Flavors to watch in 2023
CHICAGO —November and December are the months flavor companies predict what tastes will be trending during the upcoming year. Many of this year’s projections are directed toward consumers who are moving beyond the pandemic and are determined to take control of their health and enhance the health of the planet, all while allowing for comfort, self care and indulgence.
“Consumers will always want foods that reflect the familiar flavors they know and love, but they continue to expand their palates with unique global fare,” said Hudson Riehle, senior vice president of research for the National Restaurant Association, Washington. “Consumers crave foods that challenge their taste buds at a more sophisticated level than ever before, including new levels of hot, spicy, sweet and savory.”
Shannon Cushen, director of marketing for Fuchs North America, Hampstead Md., said consumers want to be surprised.
“Flavors that violate their expectations are sure to be a hit,” she said. “For that reason, unexpected and unique flavor combinations will be in demand going into 2023.”
Firmenich Inc., Geneva, has named 2023 to be the year of the dragon fruit, as its bold, vibrant flavor — and color — speak to what is anticipated to be a big year of change, according to the company. Firmenich partnered with Pantone, Carlstadt, NJ, a color company that has identified the 2023 color of the year as being magenta, one that happens to resemble the color of dragon fruit.
“It’s brave and fearless, a pulsating color whose exuberance promotes optimism and joy,” said Mikel Cirkus, global creative director for taste and beyond at Firmenich. “Our 2023 choice of dragon fruit reflects the global consumer’s increasingly adventurous palate and desire for the new or exotic when it comes to ingredients and taste.”
Dragon fruit already is trending in juice bars and upscale restaurants around the world. Firmenich believes the tropical fruit will be a star in packaged foods and beverages.
“Dragon fruit may be still a ‘rare’ fruit flavor for food and beverage brands, but it is no longer rare to consumers,” said Jeff Schmoyer, global head of human insights at Firmenich. “It’s possible that the initial lag in new product innovation is in part related to the challenge of realizing the flavor of dragon fruit. Our consumer research shows that the fruit can sometimes surprise people by not having the strong flavor to match its visual appearance. Instead, the taste is light, refreshing, sweet and delicious.”
On the savory side, McCormick & Co., Hunt Valley, Md., is betting on the mashup of Vietnamese with Cajun, which the company will be offering in a retail seasoning format. It is described as a “culture crush of key ingredients” that contain cayenne and paprika, in classic Cajun tradition, along with lemongrass, garlic and black peppercorn, which are customary in Vietnamese recipes.
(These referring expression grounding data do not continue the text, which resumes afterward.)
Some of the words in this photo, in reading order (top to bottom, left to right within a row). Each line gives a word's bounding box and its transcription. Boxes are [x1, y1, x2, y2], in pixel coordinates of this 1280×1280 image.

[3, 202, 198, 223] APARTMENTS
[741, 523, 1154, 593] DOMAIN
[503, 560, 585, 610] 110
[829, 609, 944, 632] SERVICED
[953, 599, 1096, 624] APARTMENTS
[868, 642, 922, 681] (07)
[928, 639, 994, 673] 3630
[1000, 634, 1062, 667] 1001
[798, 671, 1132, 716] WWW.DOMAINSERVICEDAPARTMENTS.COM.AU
Symrise NA, Teterboro, NJ, is focusing on what’s gaining traction in the global flavors market. The company is seeing growth in mosaic cooking, which is the melding of regional and global flavors and dishes. Autobiographical diaspora cooking also is gaining traction and describes a method where young chefs cook from their heritage and mix it with American foods as well as “mom’s recipes.”
Pinterest identified 2022 as the year of “ancestral eats,” which is fueling the trend of consumers embracing their roots, as well as learning about others, according to Innova Market Insights, Arnhem, The Netherlands.
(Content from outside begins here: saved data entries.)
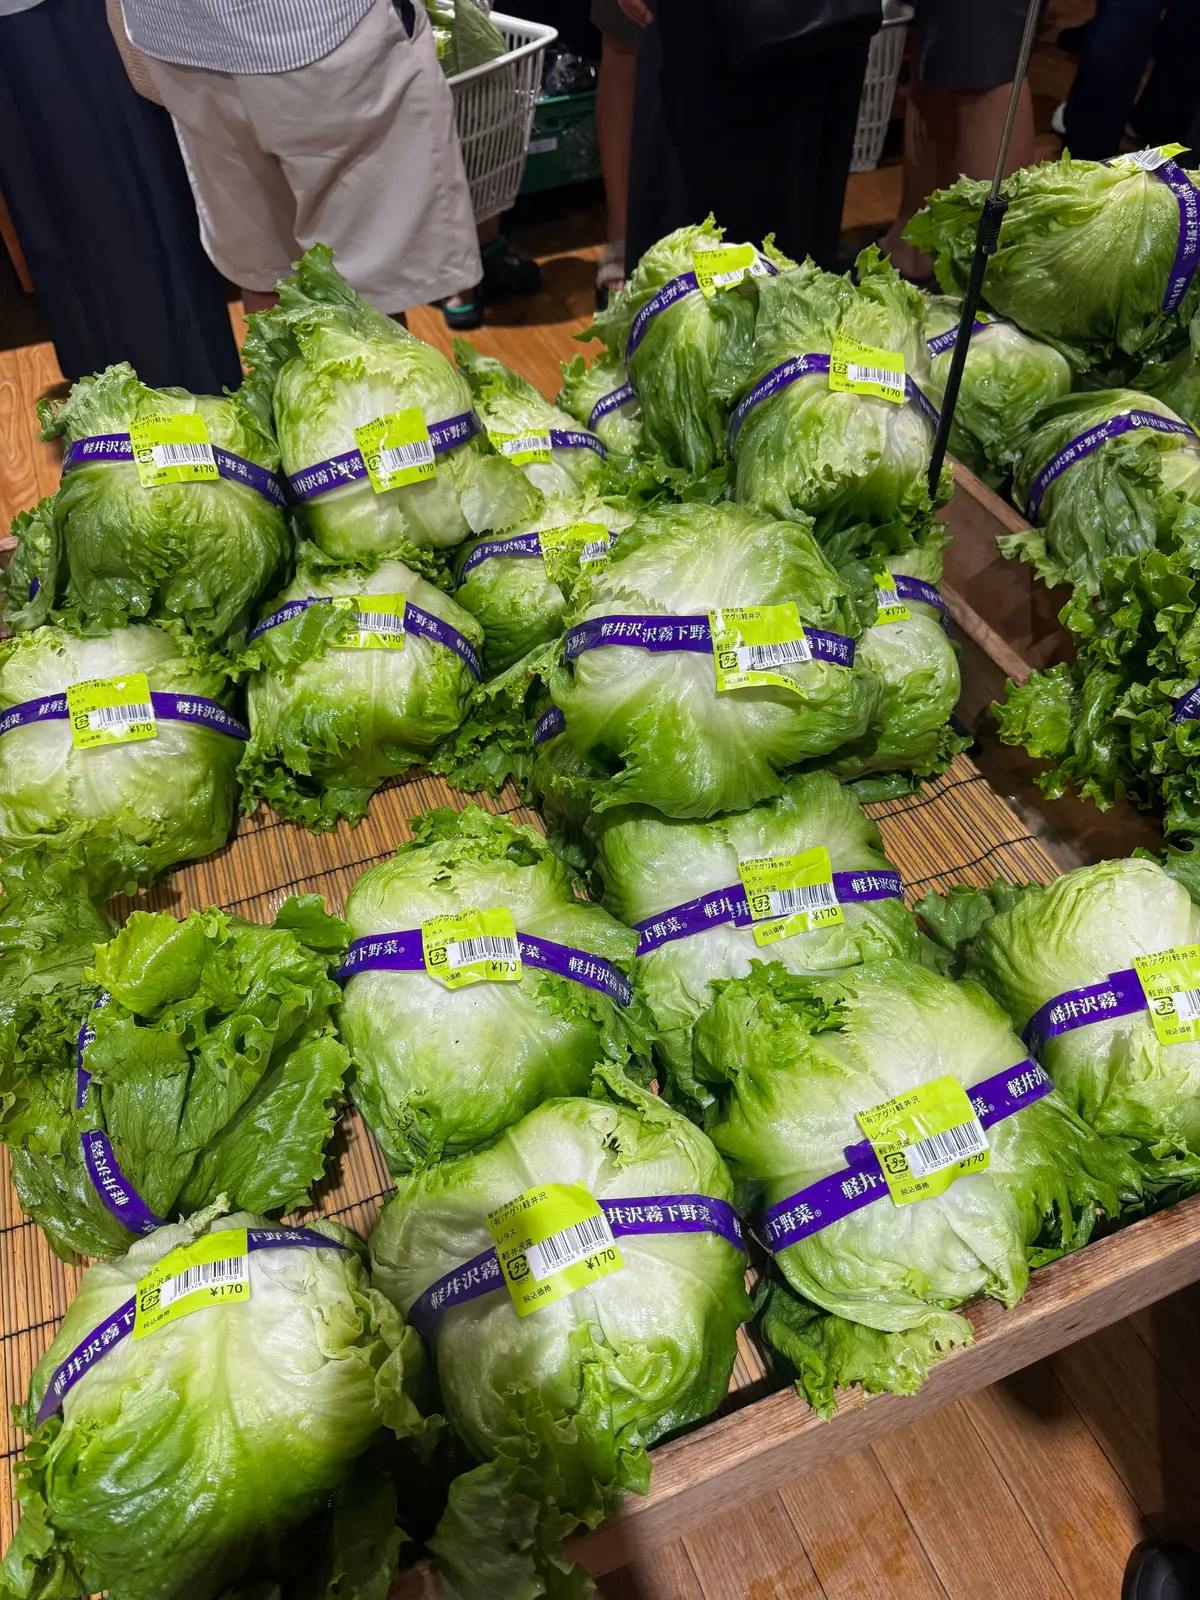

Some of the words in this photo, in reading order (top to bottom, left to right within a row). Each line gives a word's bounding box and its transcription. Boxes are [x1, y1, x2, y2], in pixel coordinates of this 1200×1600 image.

[881, 386, 901, 398] ¥170
[193, 465, 214, 474] ¥170
[417, 464, 434, 474] ¥170
[885, 605, 906, 617] ¥170
[382, 634, 401, 643] ¥170
[129, 723, 152, 734] ¥170
[812, 908, 838, 920] ¥170
[491, 961, 517, 972] ¥170
[1143, 973, 1165, 983] レタス
[862, 1095, 920, 1125] (有)アグリ軽井沢
[871, 1128, 893, 1140] レタス
[959, 1152, 985, 1169] ¥170
[900, 1182, 929, 1196] 税込価格
[490, 1191, 548, 1228] (有)アグリ軽井沢
[496, 1229, 517, 1245] レタス
[502, 1238, 535, 1261] 軽井沢産
[584, 1250, 616, 1271] ¥170
[210, 1283, 243, 1297] ¥170
[430, 1257, 500, 1310] 軽井沢霧
[523, 1285, 552, 1304] 税込価格
“We see regional callouts added to new recipes and being more visible on grocery shelves,” said Renee Beall, director of marketing-food, Balchem, Montvale, NJ. “Exotic flavors help to create unique taste profiles that allow consumers to ‘travel’ across the world.”
The NRA’s 2023 edition of its annual What’s Hot Culinary Forecast identified the top three global flavor trends in foodservice. The trends, sooner than later, will make their way into consumer packaged goods.
The first is Southeast Asian cuisine, which encompasses the flavors of Vietnam, Singapore and the Philippines. Next is the Caribbean, including the native flavors of Puerto Rico, Cuba and the Dominican Republic. In third place are the flavors indigenous to South America, such as those with origins in Argentina, Brazil and Chile.
Authentic flavors and ingredients from Latin America also are gaining traction, said Rebecca Shurhay, marketing analyst, Flavorchem, Downers Grove, Ill. Beverage concepts, such as horchata, mangonada, tepache and aguas frescas are transforming into their own flavor profiles and being applied to all types of foods. The same is true for Mexican dessert-inspired flavors, such as tres leches, dulce de leche and churro.